__What this task involves__
Could the data below be printed out exactly, with the pictures left out?

◆ ◆ ◆ ◆ ◆ ◆ ◆

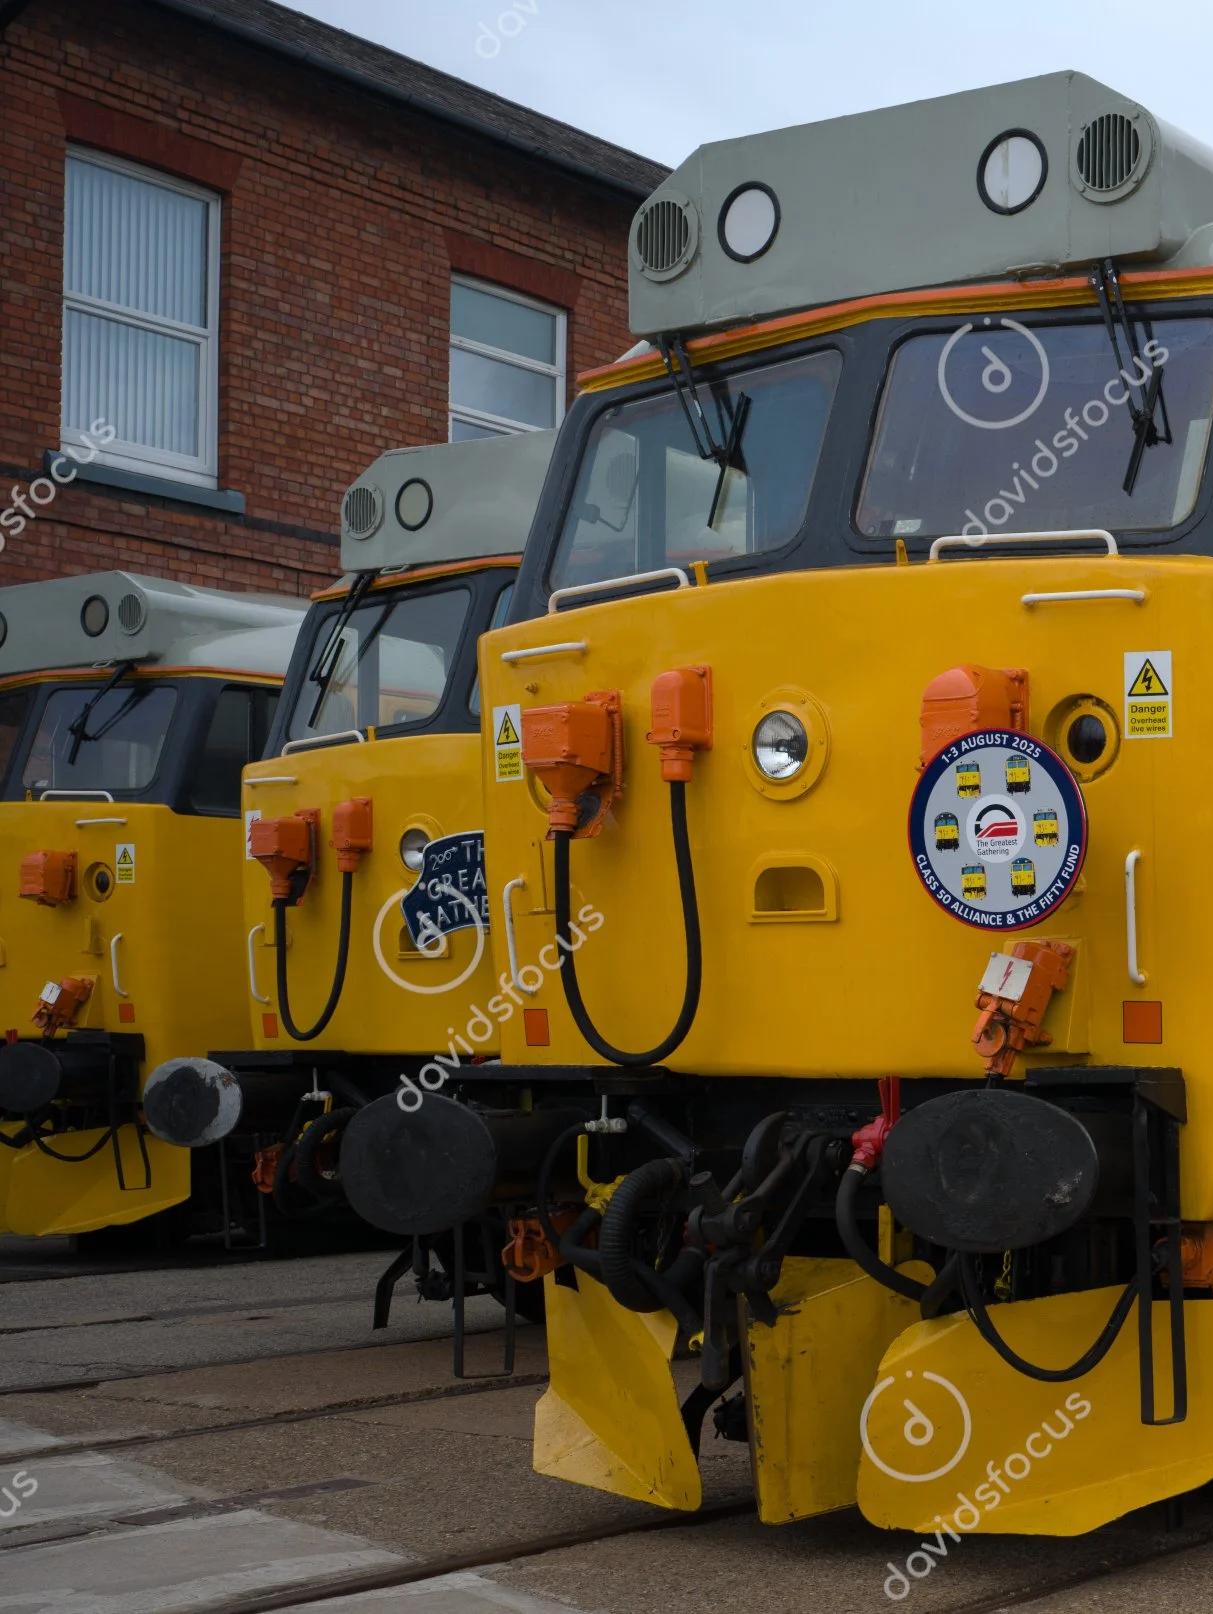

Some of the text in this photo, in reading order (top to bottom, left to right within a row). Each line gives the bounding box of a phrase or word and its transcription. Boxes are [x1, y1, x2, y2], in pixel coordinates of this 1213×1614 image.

[1130, 705, 1166, 714] Danger
[941, 747, 959, 764] 1-3
[961, 733, 1009, 752] AUGUST
[1011, 736, 1043, 759] 2025
[498, 752, 519, 760] Danger
[990, 838, 1018, 847] Greatest
[976, 848, 1010, 856] Gathering
[916, 844, 1080, 925] CLASS 50 ALLIANCE & THE FIFTY FUND
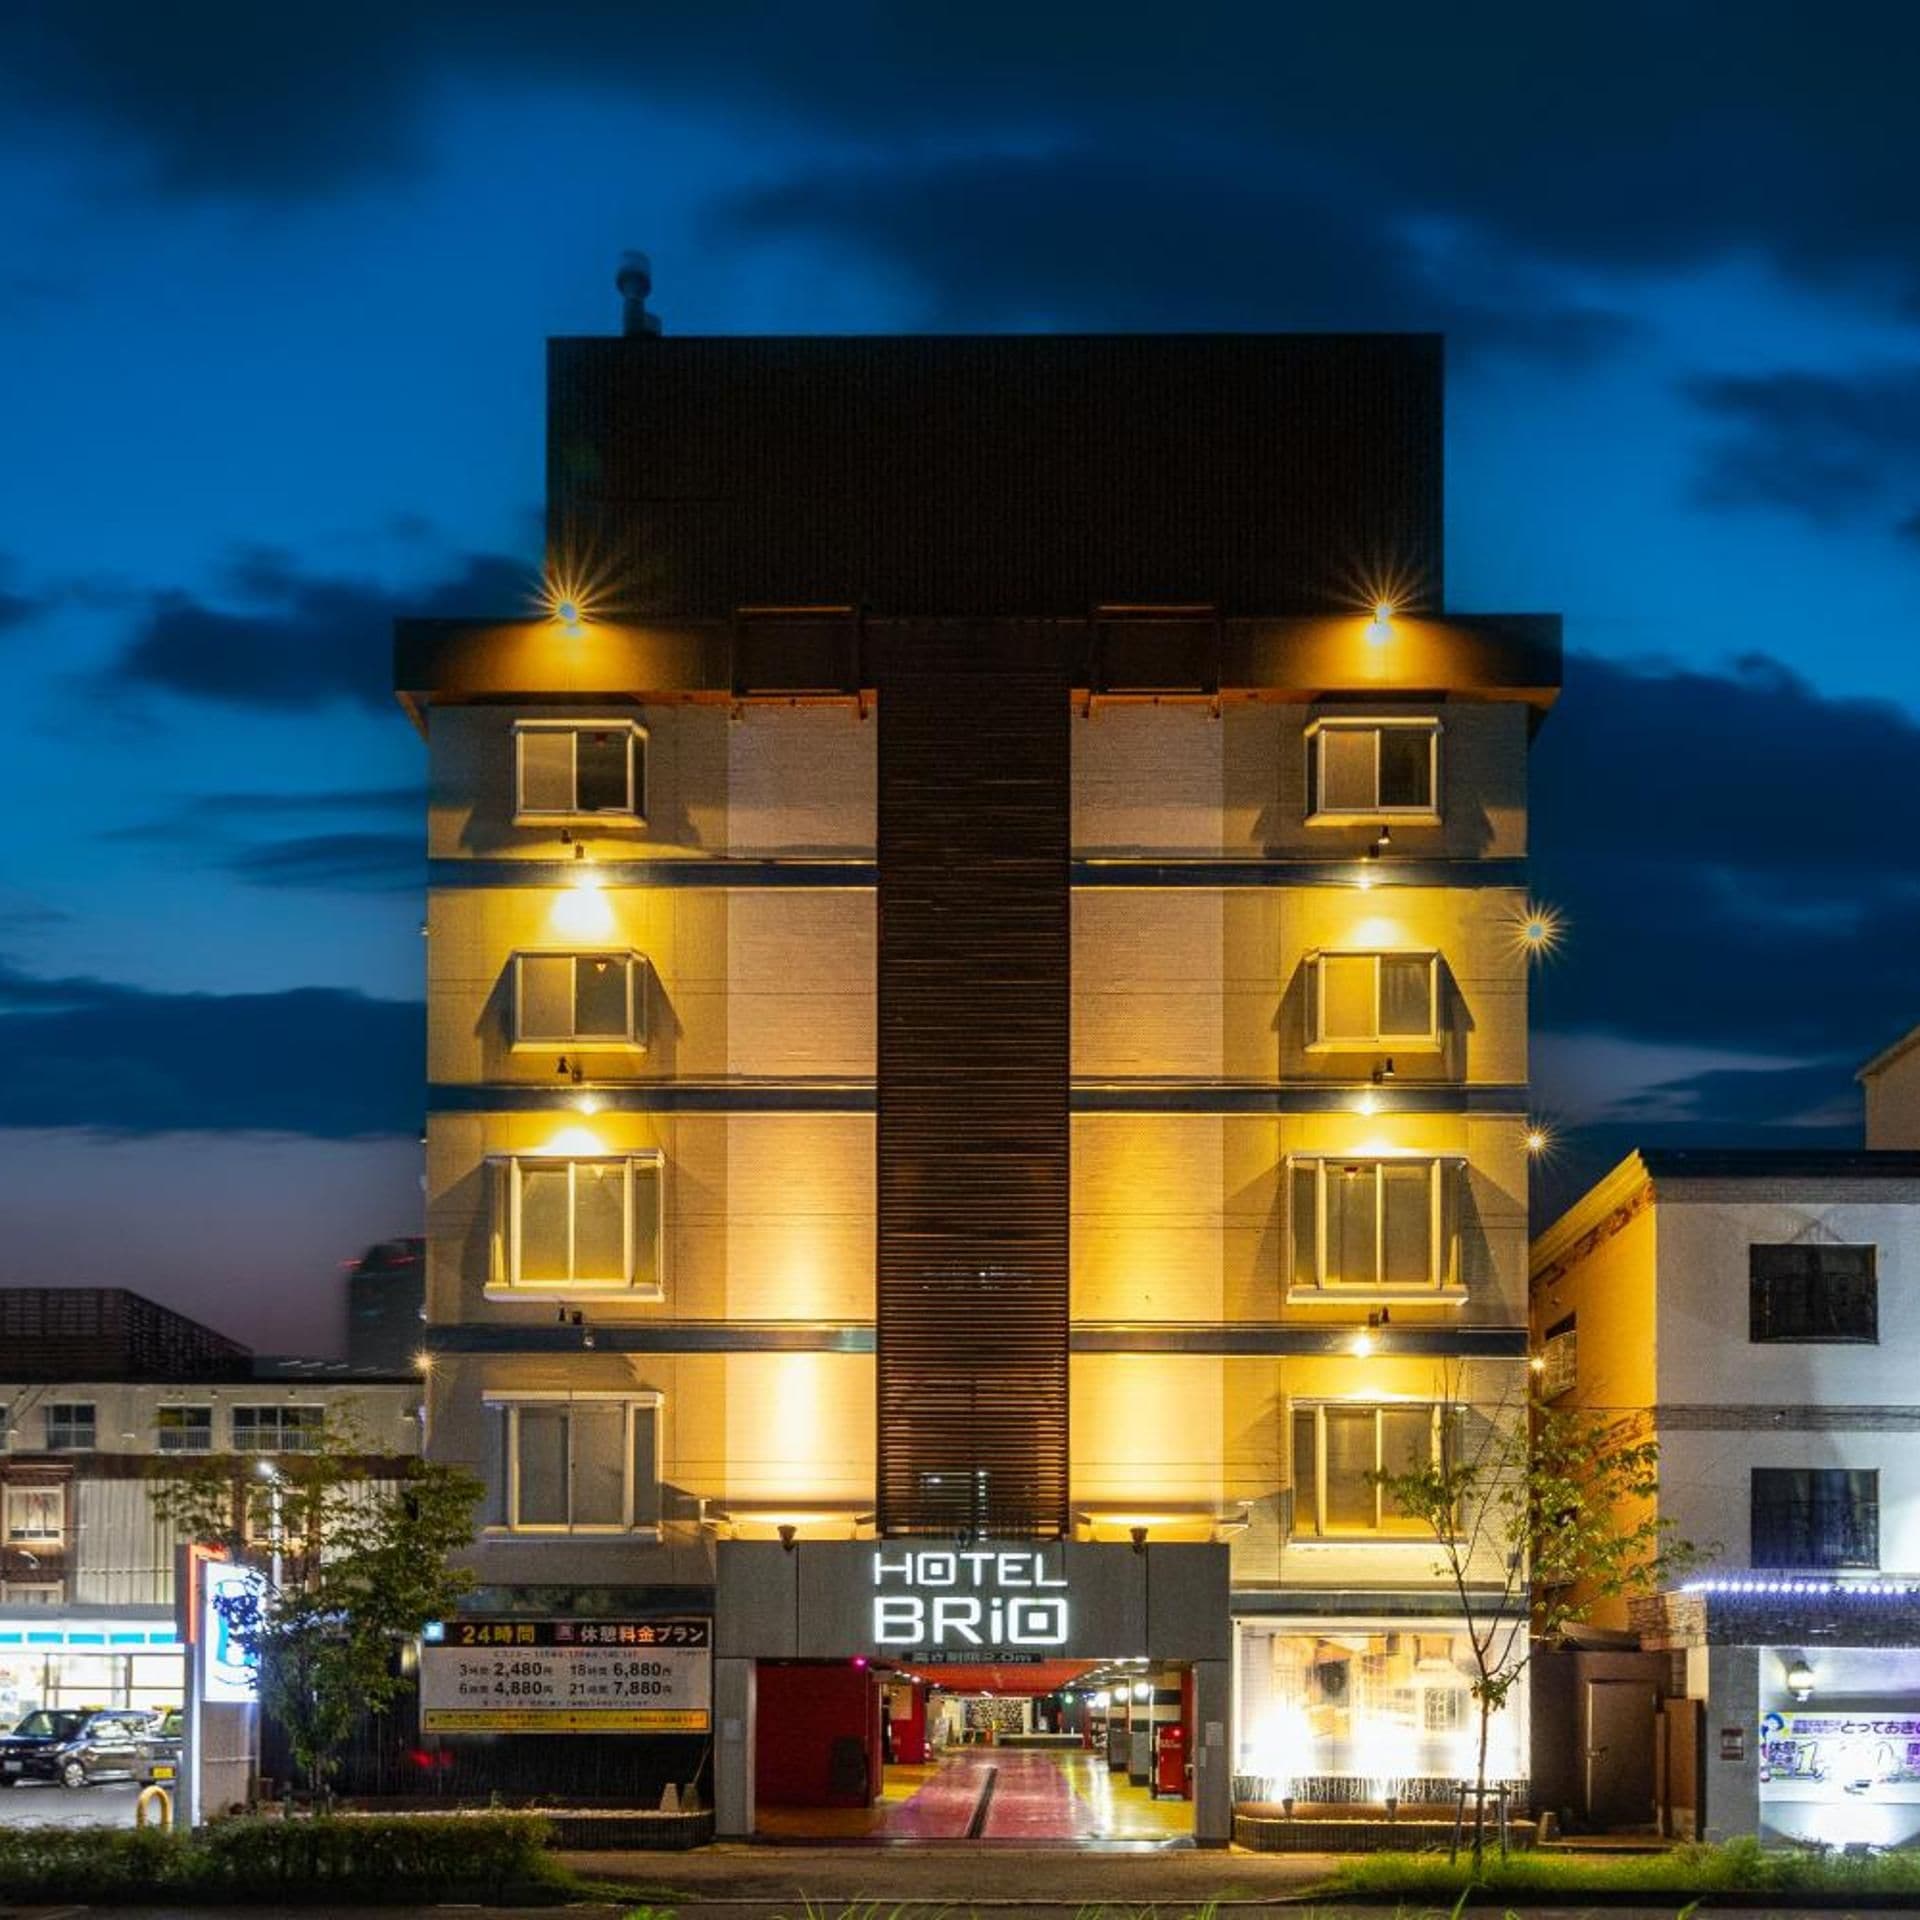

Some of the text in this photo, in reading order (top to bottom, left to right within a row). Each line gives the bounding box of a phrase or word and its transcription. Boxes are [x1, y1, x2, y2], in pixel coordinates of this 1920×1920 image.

[873, 1552, 1068, 1587] HOTEL
[462, 1624, 535, 1644] 24時間
[580, 1625, 704, 1643] 休憩料金プラン

◆ ◆ ◆ ◆ ◆ ◆ ◆

__Solution below__
Some of the text in this photo, in reading order (top to bottom, left to right within a row). Each line gives the bounding box of a phrase or word and its transcription. Boxes are [x1, y1, x2, y2], in pixel coordinates of this 1213×1614 image.

[1130, 705, 1166, 714] Danger
[941, 747, 959, 764] 1-3
[961, 733, 1009, 752] AUGUST
[1011, 736, 1043, 759] 2025
[498, 752, 519, 760] Danger
[990, 838, 1018, 847] Greatest
[976, 848, 1010, 856] Gathering
[916, 844, 1080, 925] CLASS 50 ALLIANCE & THE FIFTY FUND

Some of the text in this photo, in reading order (top to bottom, left to right within a row). Each line gives the bounding box of a phrase or word and its transcription. Boxes are [x1, y1, x2, y2], in pixel coordinates of this 1920×1920 image.

[873, 1552, 1068, 1587] HOTEL
[462, 1624, 535, 1644] 24時間
[580, 1625, 704, 1643] 休憩料金プラン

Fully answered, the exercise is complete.